H = [1 2 3; 4 5 6; 7 8 9];
cvx_begin
variables v(1,3)
maximize (log_det (H*diag((v))* H'))
% Constraints
subject to
1 <= trace(diag(v)) <= 3;
cvx_end

However, this problem is unbounded, as can be seen by making v(1) large and v(2) = -v(1), which will still meet the constraint 1 <= trace(diag(v)) <= 3.

If you add a constraint such as v >= 0, the problem will be bounded and have a finite solution. However, with sedumi, sdpt3, and scs, in CVX3.0beta build 1177, this problem incorrectly is reported as being unbounded (i.e., with constraint v >= 0 added) which appears to be a bug in CVX 3.0 beta build 1177, because CVX 's successive approximation method is not being used when scs is used.


(John Wick) #3

Wow! Thanks a lot for your reply. I have two more questions.

When I solve this system, the result is not integer. I tried to add some if/else statement to round the variable but CVx does not allow it. Is there anyway to get the optimized variable in binary form?

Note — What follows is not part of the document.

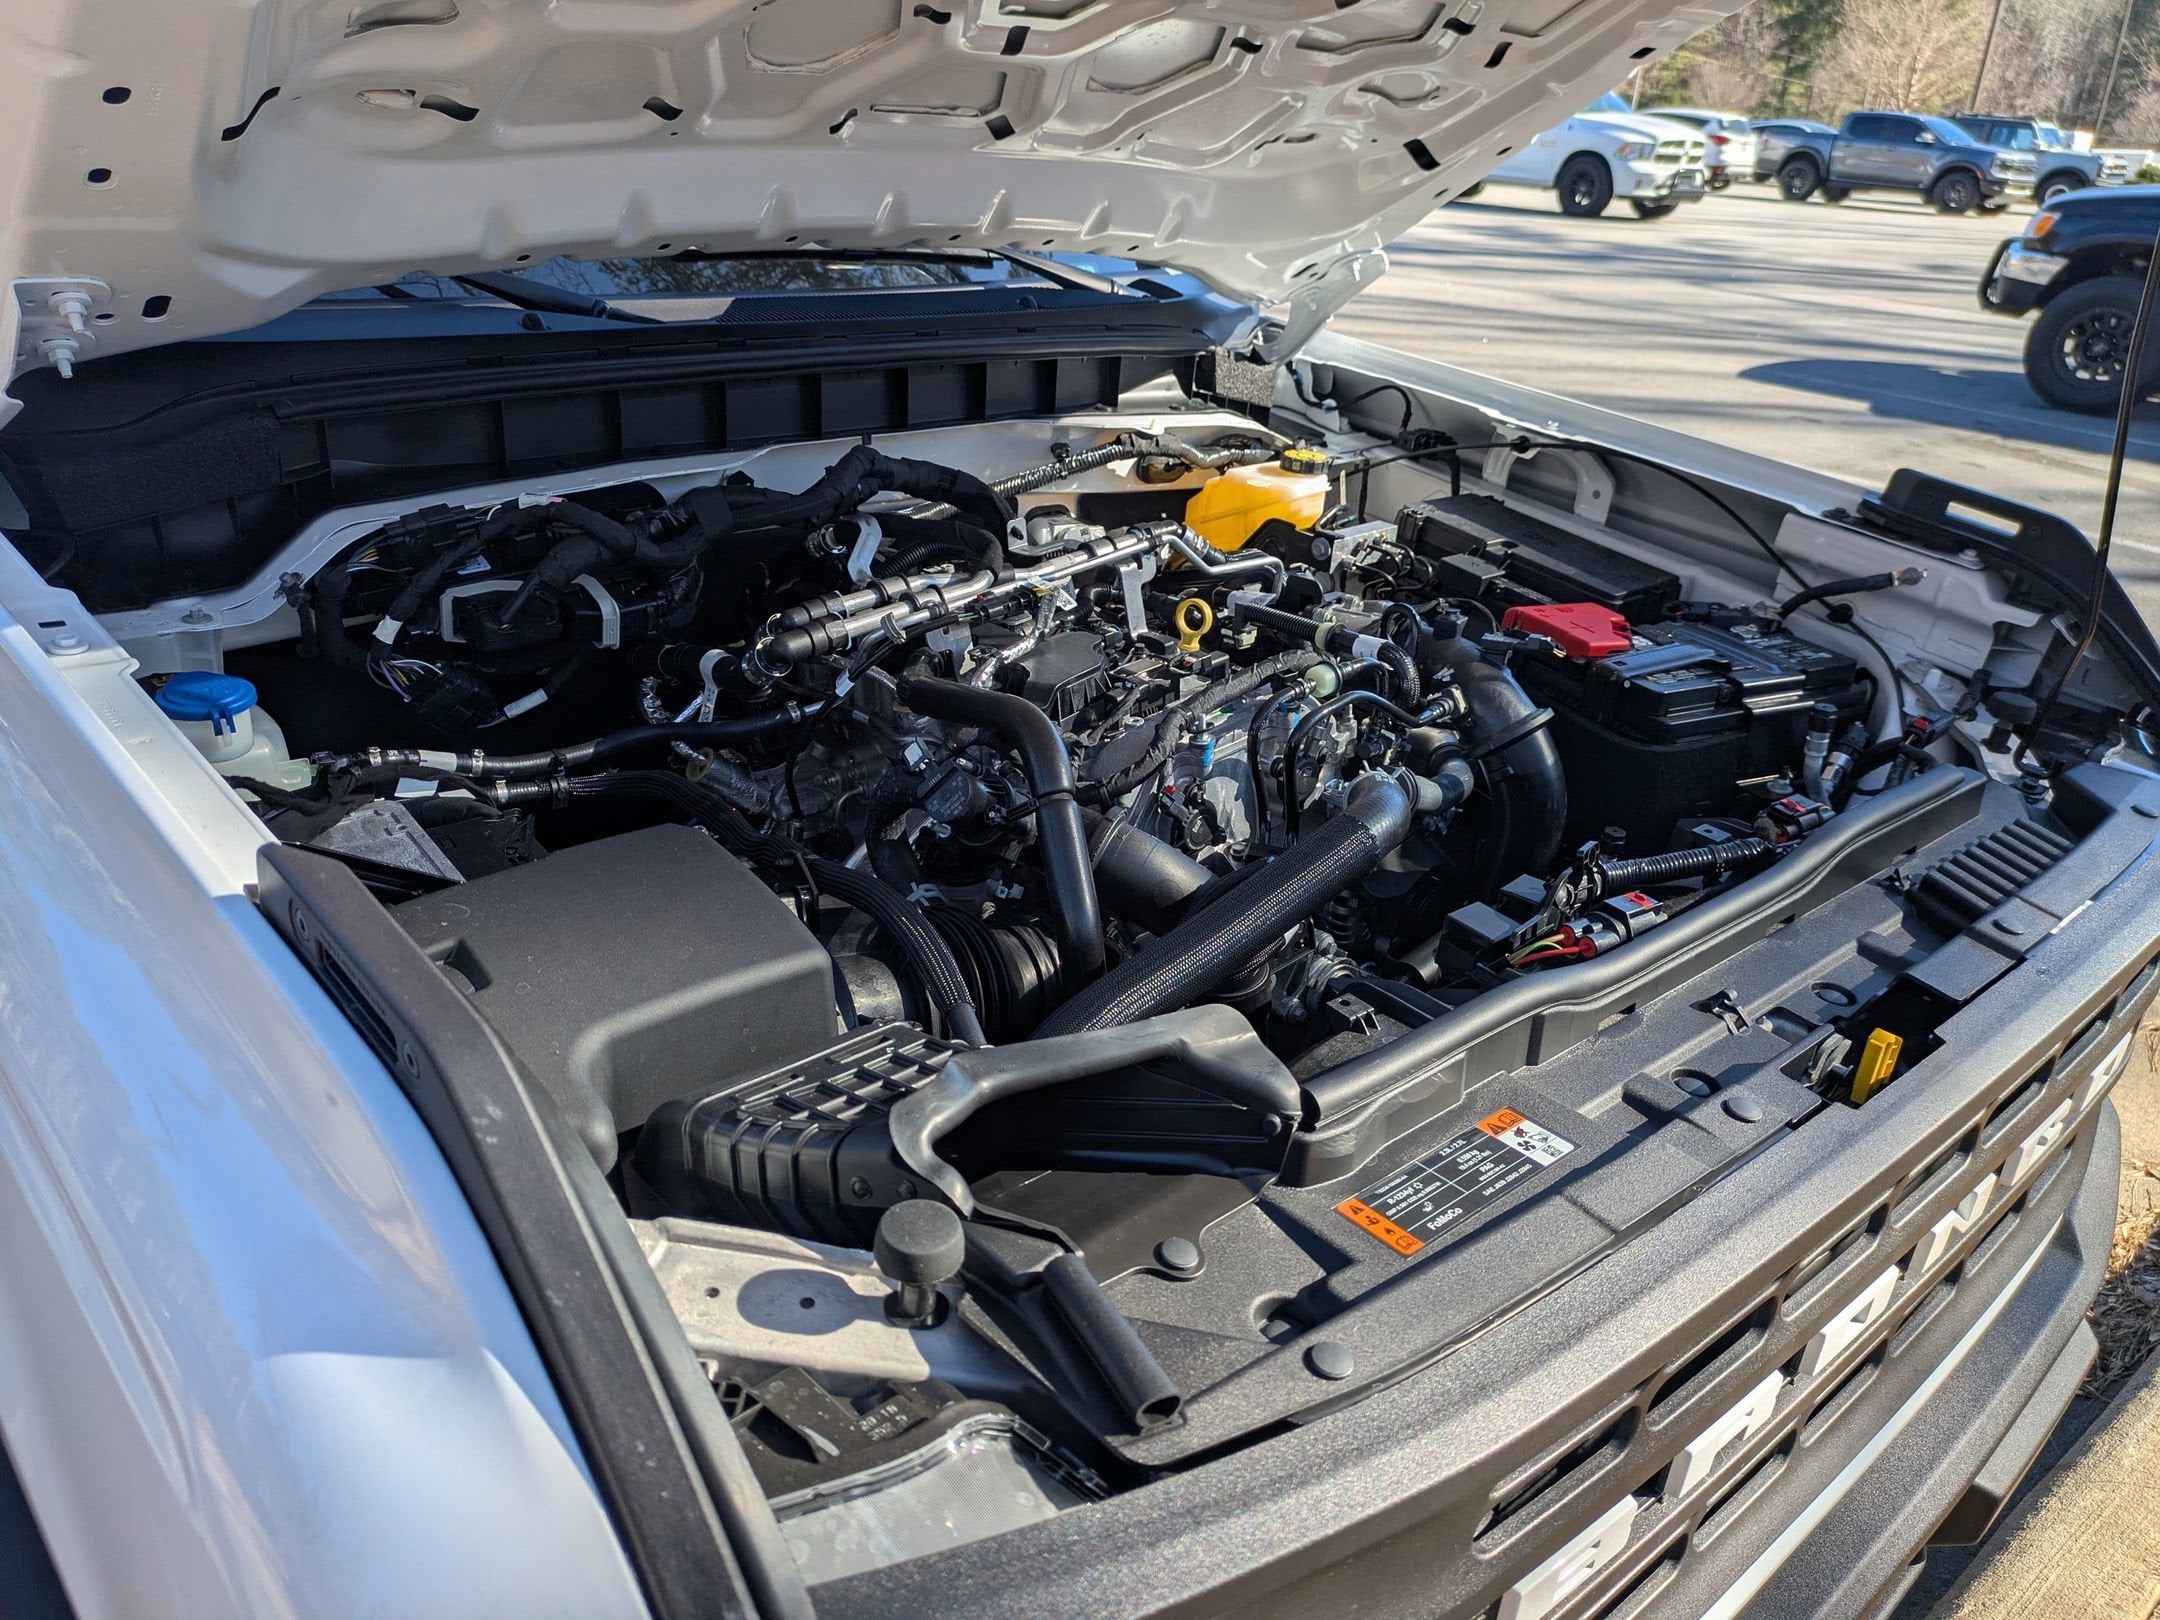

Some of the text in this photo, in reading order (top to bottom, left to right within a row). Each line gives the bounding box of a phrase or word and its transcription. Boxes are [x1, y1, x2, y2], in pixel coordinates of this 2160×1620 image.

[1479, 1162, 1495, 1173] PAG
[1482, 1186, 1496, 1197] SAE
[1426, 1207, 1463, 1231] FoMoCo
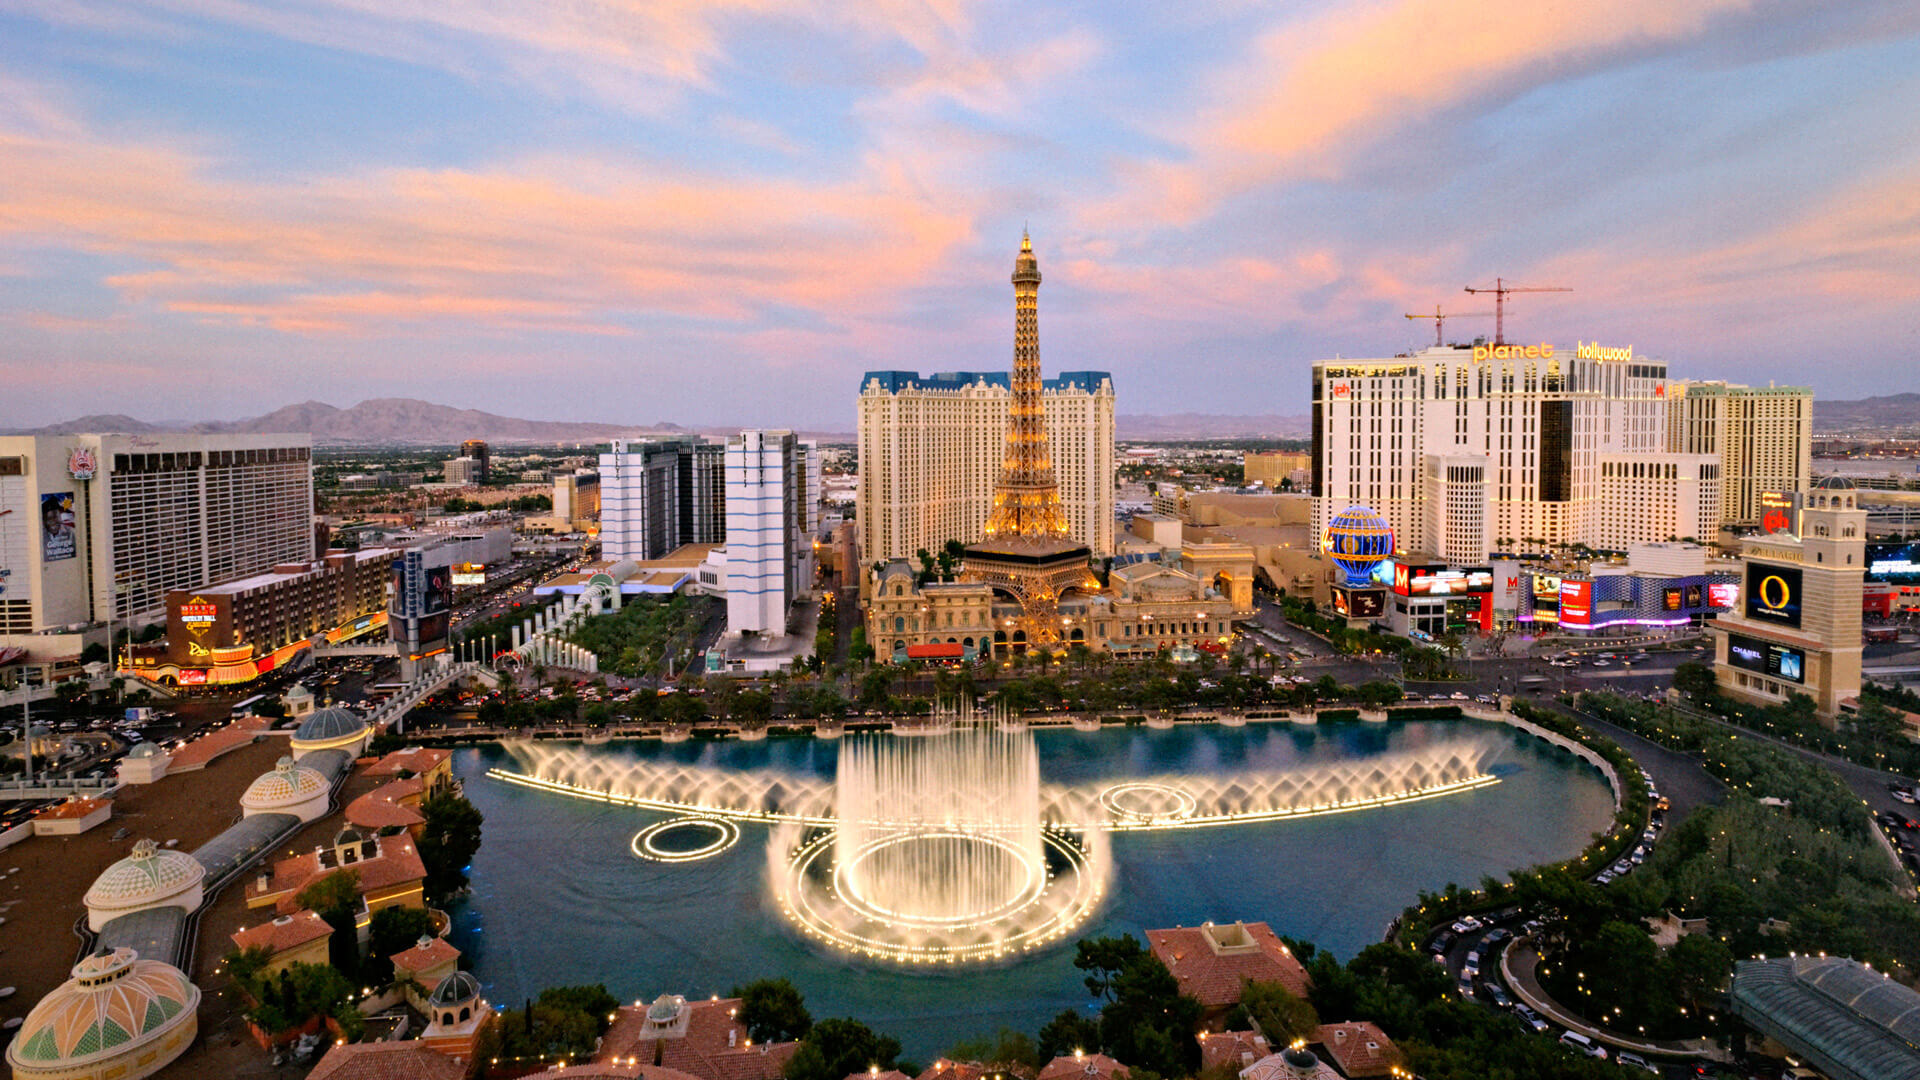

Also, if its not possible to get the binary result, how should I rewrite the problem to get the integer form solution for the diagonal matrix? Thanks a lot.


(Mark L. Stone) #4

I think you’re out of luck for solving a mixed integer version of this problem with CVX and current versions of solvers. If you have CVX Professional and MOSEK, there is an integer capability for MILP/MIQP/MISOCP, but not for MISDP. Note that although CVX will call MOSEK for mixed integer problems in which CVX"s successive approximation method is used, CVX’s successive approximation will not work correctly, and will return unreliable, quite possibly erroneous results.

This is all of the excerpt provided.